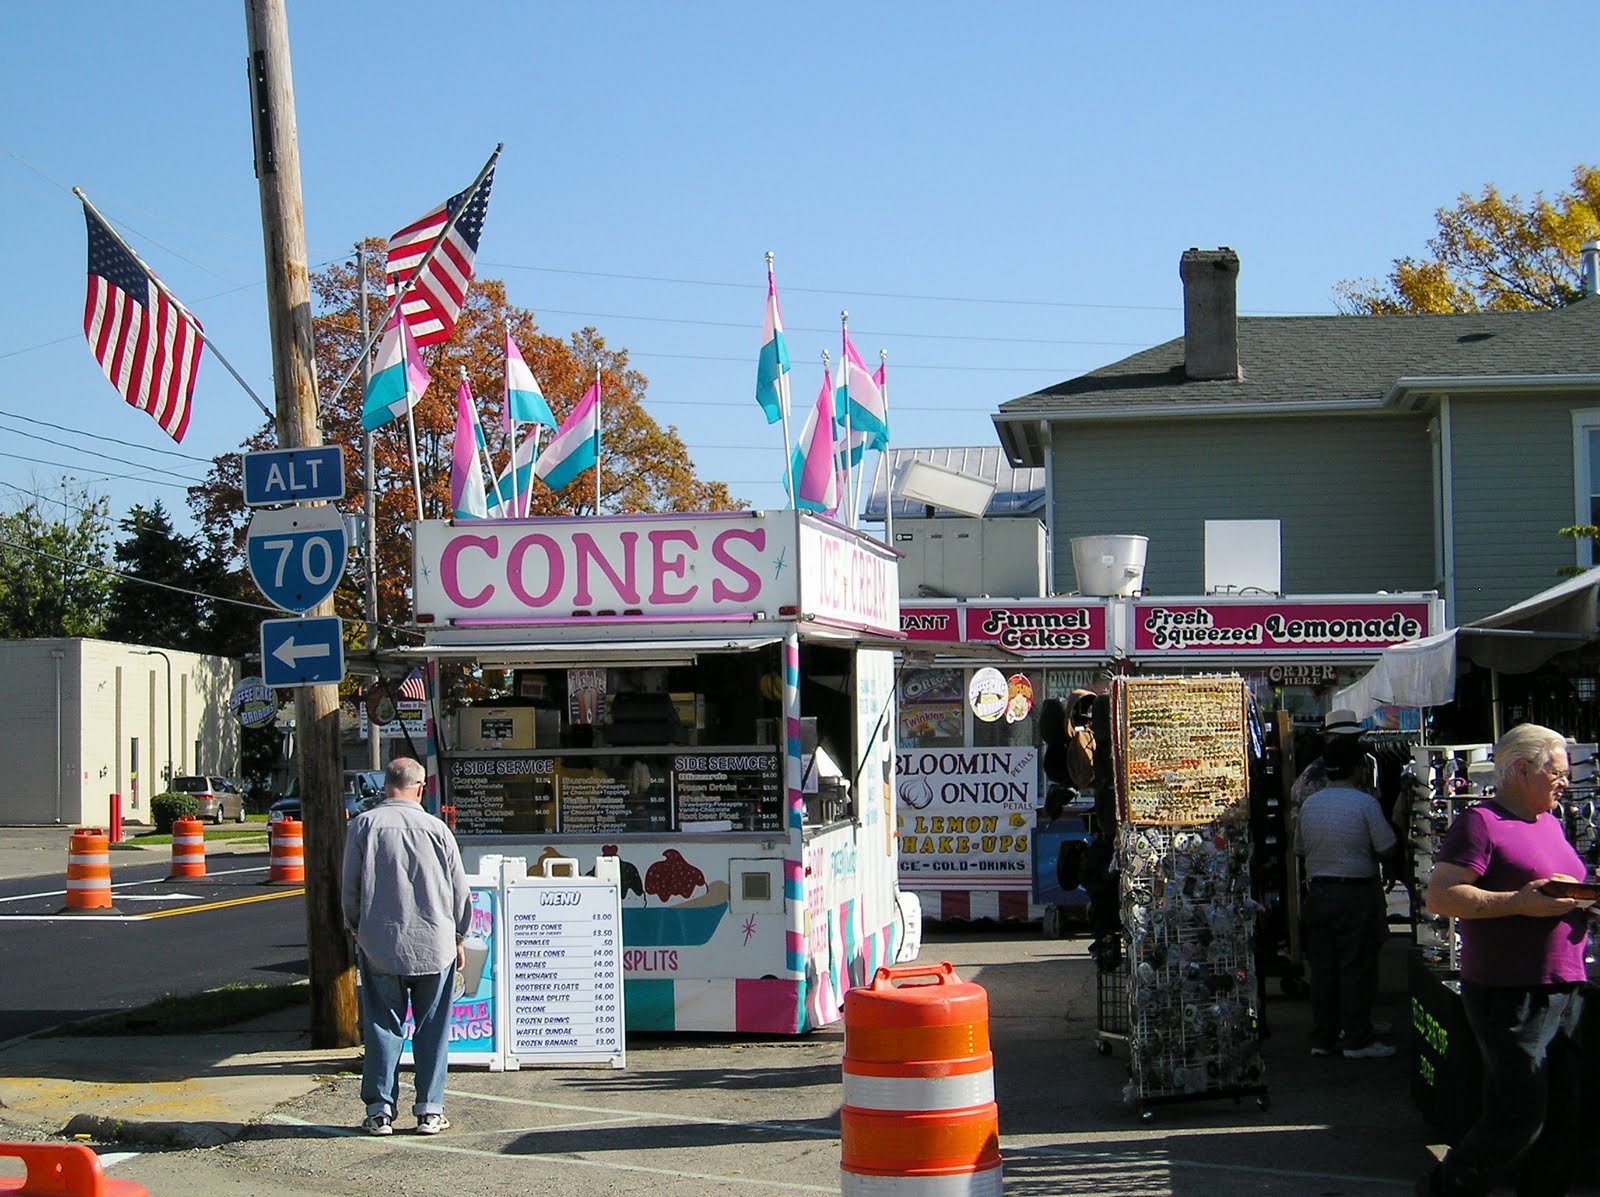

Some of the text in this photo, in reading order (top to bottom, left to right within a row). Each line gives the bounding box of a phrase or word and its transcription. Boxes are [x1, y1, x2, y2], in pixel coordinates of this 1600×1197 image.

[265, 459, 322, 492] ALT
[263, 535, 333, 588] 70
[440, 528, 767, 609] CONES
[819, 535, 887, 623] ICE CREAM
[899, 615, 949, 630] IANT
[983, 608, 1090, 634] Funnel
[1145, 608, 1422, 643] Fresh Lemonade
[1000, 628, 1090, 650] Cakes
[1153, 624, 1262, 649] Squeezed
[1048, 670, 1095, 688] ONION
[1269, 665, 1337, 686] ORDER HERE
[463, 759, 555, 776] SIDE SERVICE
[675, 756, 768, 771] SIDE SERVICE
[1010, 751, 1035, 778] PETALS
[708, 783, 738, 792] Drinks
[941, 782, 1030, 804] ONION
[1003, 802, 1033, 811] PETALS
[914, 815, 998, 834] LEMON
[898, 835, 1028, 855] HAKE-UPS
[899, 860, 1026, 872] CE-COLD-DRINKS
[540, 891, 582, 907] MENU
[513, 913, 613, 922] CONES $3.00
[513, 924, 540, 932] DIPPED
[514, 950, 542, 958] WAFFLE
[623, 950, 679, 972] SPLITS
[515, 961, 547, 969] SUNDAES
[515, 971, 614, 980] MILKSHAKES $4.00
[515, 983, 552, 991] ROOTBEER
[594, 982, 615, 990] $4.00
[515, 994, 545, 1002] BANANA
[594, 993, 615, 1001] $6.00
[516, 1017, 542, 1025] FROZEN
[516, 1028, 542, 1036] WAFFLE
[595, 1027, 615, 1035] $5.00
[516, 1039, 543, 1047] FROZEN
[595, 1038, 616, 1046] $3.00
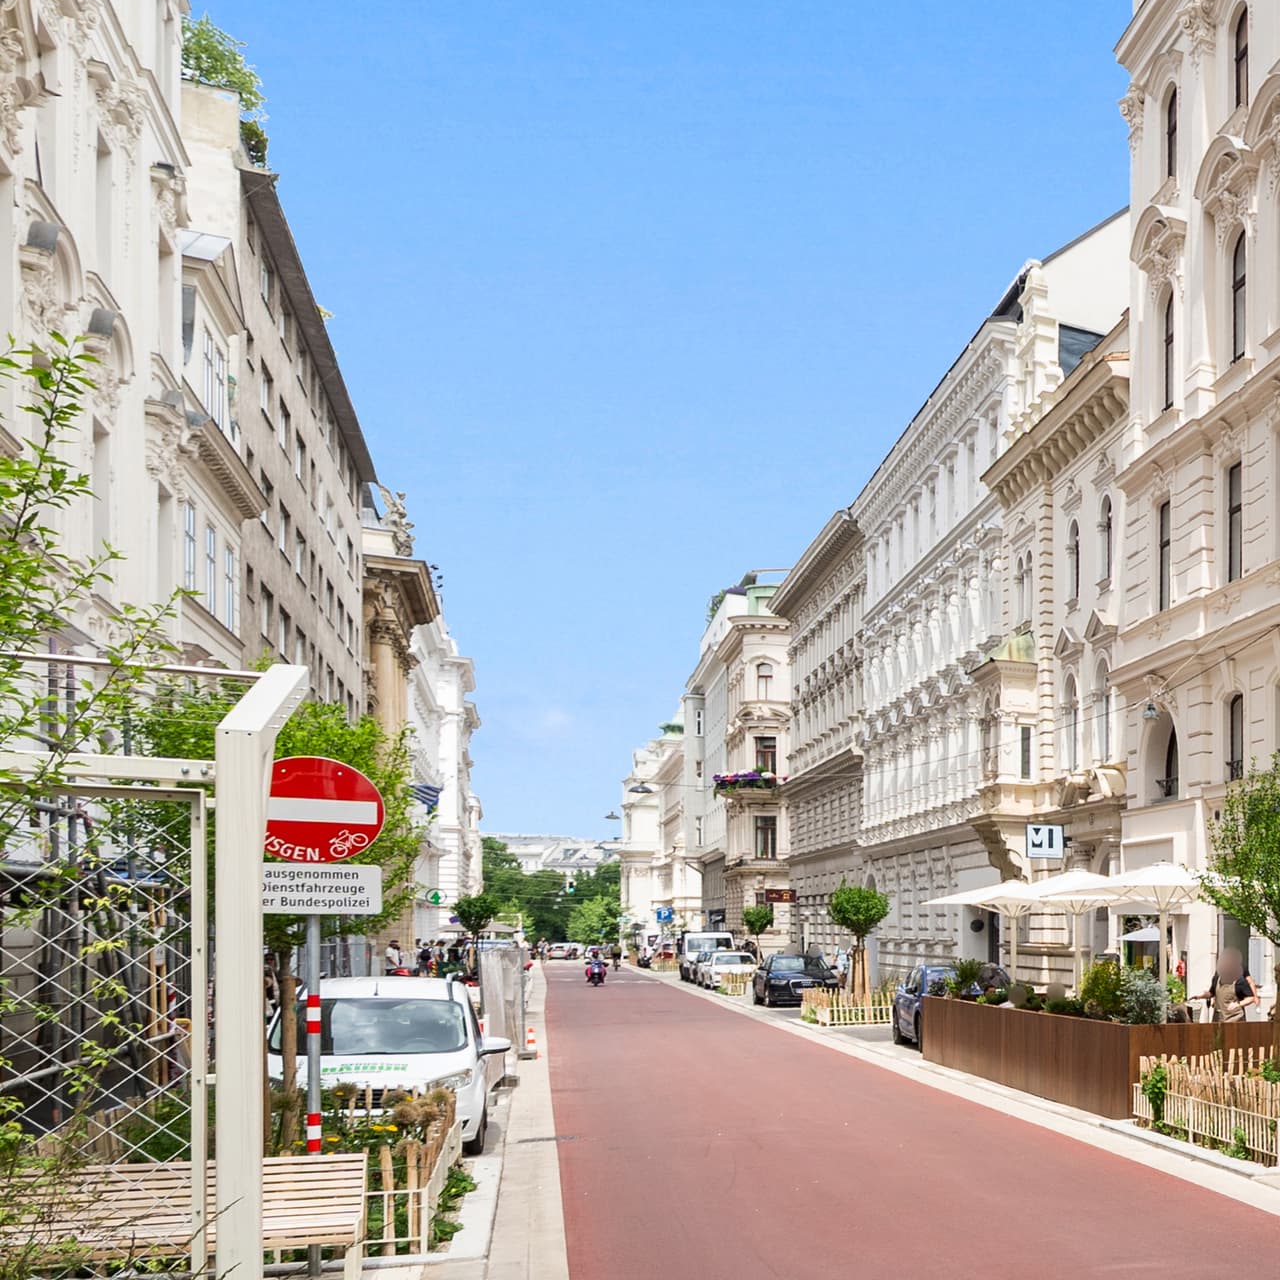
___
**Work task**. Nothing but the pictures should be left out when the listing is repeated exactly.

**Answer to this problem**.
Some of the text in this photo, in reading order (top to bottom, left to right within a row). Each line gives the bounding box of a phrase or word and its transcription. Boxes are [x1, y1, x2, y2], in pixel coordinates of this 1600×1197 image.

[265, 459, 322, 492] ALT
[263, 535, 333, 588] 70
[440, 528, 767, 609] CONES
[819, 535, 887, 623] ICE CREAM
[899, 615, 949, 630] IANT
[983, 608, 1090, 634] Funnel
[1145, 608, 1422, 643] Fresh Lemonade
[1000, 628, 1090, 650] Cakes
[1153, 624, 1262, 649] Squeezed
[1048, 670, 1095, 688] ONION
[1269, 665, 1337, 686] ORDER HERE
[463, 759, 555, 776] SIDE SERVICE
[675, 756, 768, 771] SIDE SERVICE
[1010, 751, 1035, 778] PETALS
[708, 783, 738, 792] Drinks
[941, 782, 1030, 804] ONION
[1003, 802, 1033, 811] PETALS
[914, 815, 998, 834] LEMON
[898, 835, 1028, 855] HAKE-UPS
[899, 860, 1026, 872] CE-COLD-DRINKS
[540, 891, 582, 907] MENU
[513, 913, 613, 922] CONES $3.00
[513, 924, 540, 932] DIPPED
[514, 950, 542, 958] WAFFLE
[623, 950, 679, 972] SPLITS
[515, 961, 547, 969] SUNDAES
[515, 971, 614, 980] MILKSHAKES $4.00
[515, 983, 552, 991] ROOTBEER
[594, 982, 615, 990] $4.00
[515, 994, 545, 1002] BANANA
[594, 993, 615, 1001] $6.00
[516, 1017, 542, 1025] FROZEN
[516, 1028, 542, 1036] WAFFLE
[595, 1027, 615, 1035] $5.00
[516, 1039, 543, 1047] FROZEN
[595, 1038, 616, 1046] $3.00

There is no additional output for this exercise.